Greg St. Claire, a California restaurateur who owns multiple homes in the Tahoe area that he rents short-term through a property manager, canceled and refunded all of his December and early January rental bookings, a loss he estimates to be around $35,000, in compliance with the state-mandated orders. “I care about my neighbors, so of course I’m going to follow the rules,” he says.
Meanwhile, during a day of skiing in Tahoe, he noticed the outdoor deck of a well-known slopeside lodging property was packed with families around firepits. “Aren’t you supposed to be closed right now?” he asked a masked employee serving champagne to guests. “We found a workaround,” the server responded. “We just had guests sign a form.”
“Here I am seeing all of these empty hotels, following the rules and not making a nickel, and then this one place that’s completely packed with guests,” St. Claire says. “It was a case of the haves and the have nots.”
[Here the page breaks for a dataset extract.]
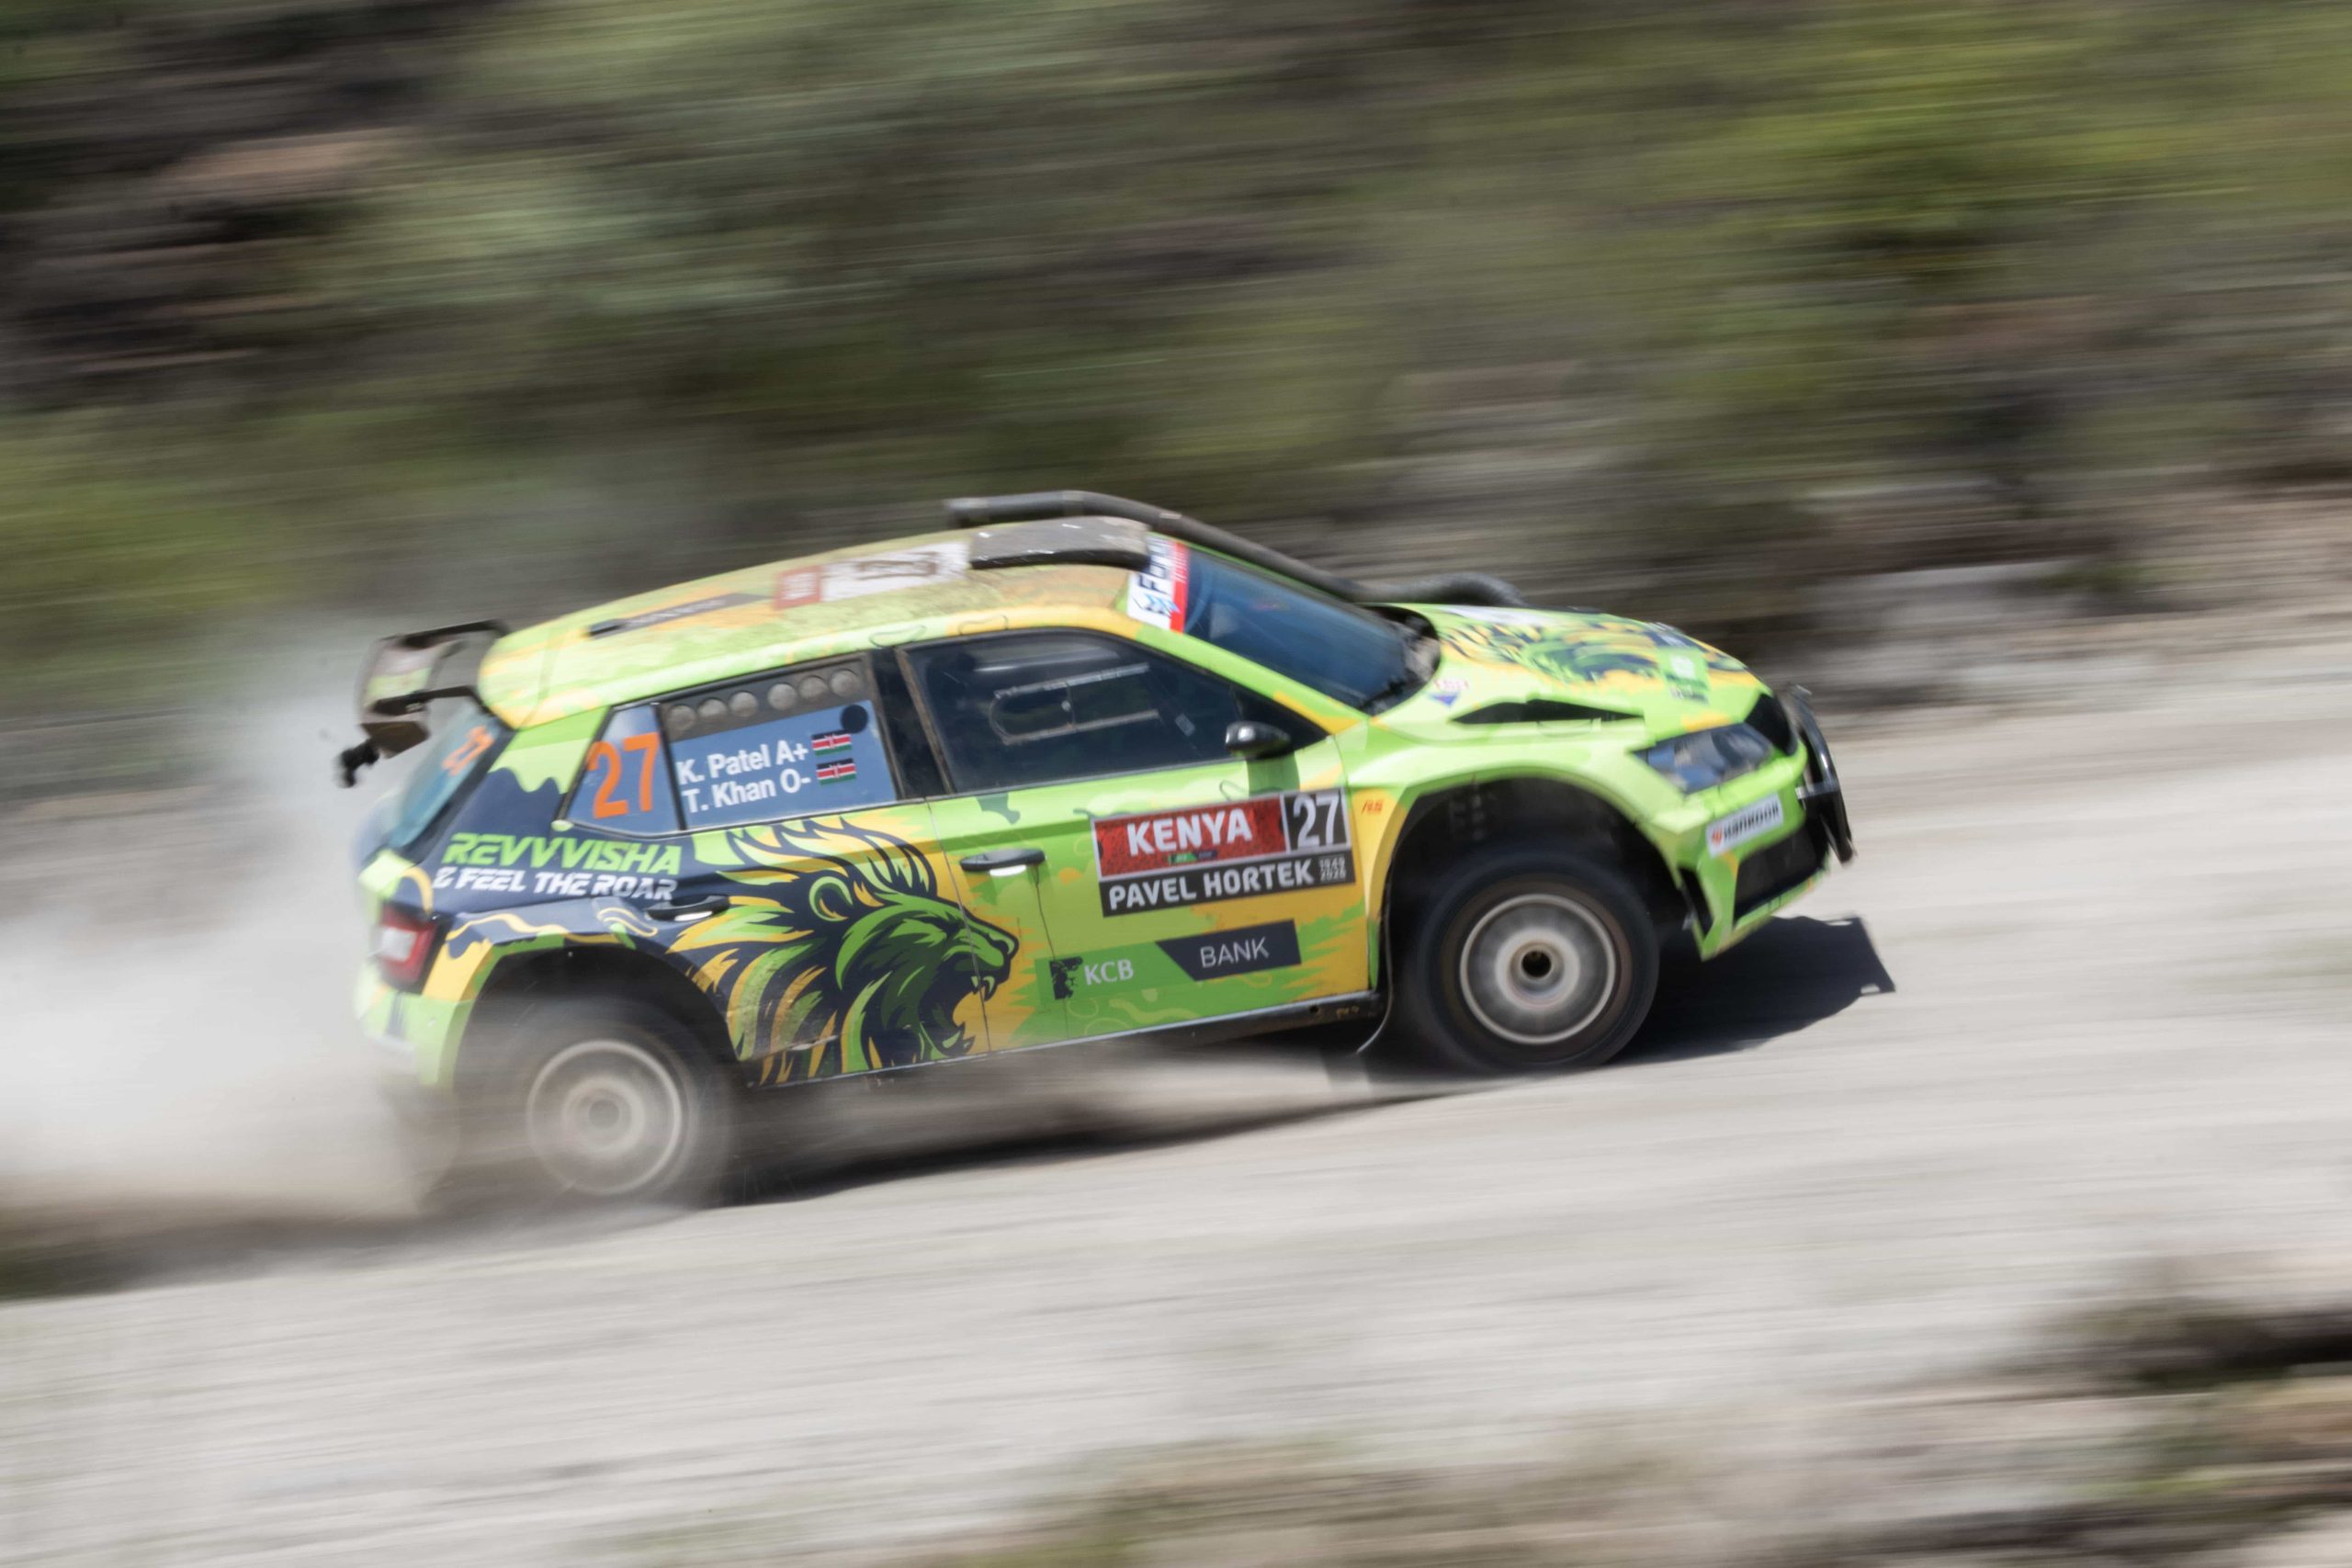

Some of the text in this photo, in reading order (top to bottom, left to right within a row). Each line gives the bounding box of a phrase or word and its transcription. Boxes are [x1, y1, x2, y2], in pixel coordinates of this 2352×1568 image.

As of January 13, the stay-at-home order for the Tahoe region has now been lifted, so hotel properties and short-term rentals are beginning to reopen. “It’s just getting through this period right now,” says Patty Baird, a board member on the Visit Truckee Tahoe Tourism Authority and the owner of the Cedar House Sport Hotel, located down the road from Northstar ski area in Truckee, California. “Nobody is thriving. Almost every business is just trying to make it to the other side. This community is strong. Even though yes, there was non-compliance happening, we get it. You can make arguments on either side. I’m also a person who believes that everyone wants to do the right thing.”
Mammoth, however, is still effectively closed, as ICU capacity remains well below the 15 percent needed to reopen. Yet just this week in Inyo Country, which neighbors Mono County where Mammoth is located, sent a plea to short-term rental owners to follow the guidelines and stop renting to out-of-towners. Yet the ski resort is open, which is the major lure in the area. The logic is confusing at best, and dangerous at worst.
So, is Tahoe back open for visitors now? “That part gets tricky,” says Baird. “We’re still in the most restricted tier. And much of California is still in a stay-at-home order. But things are looking more promising.”
In the meantime, the virus continues to ignore regional boundaries and many skiers and snowboarders appear to, as well.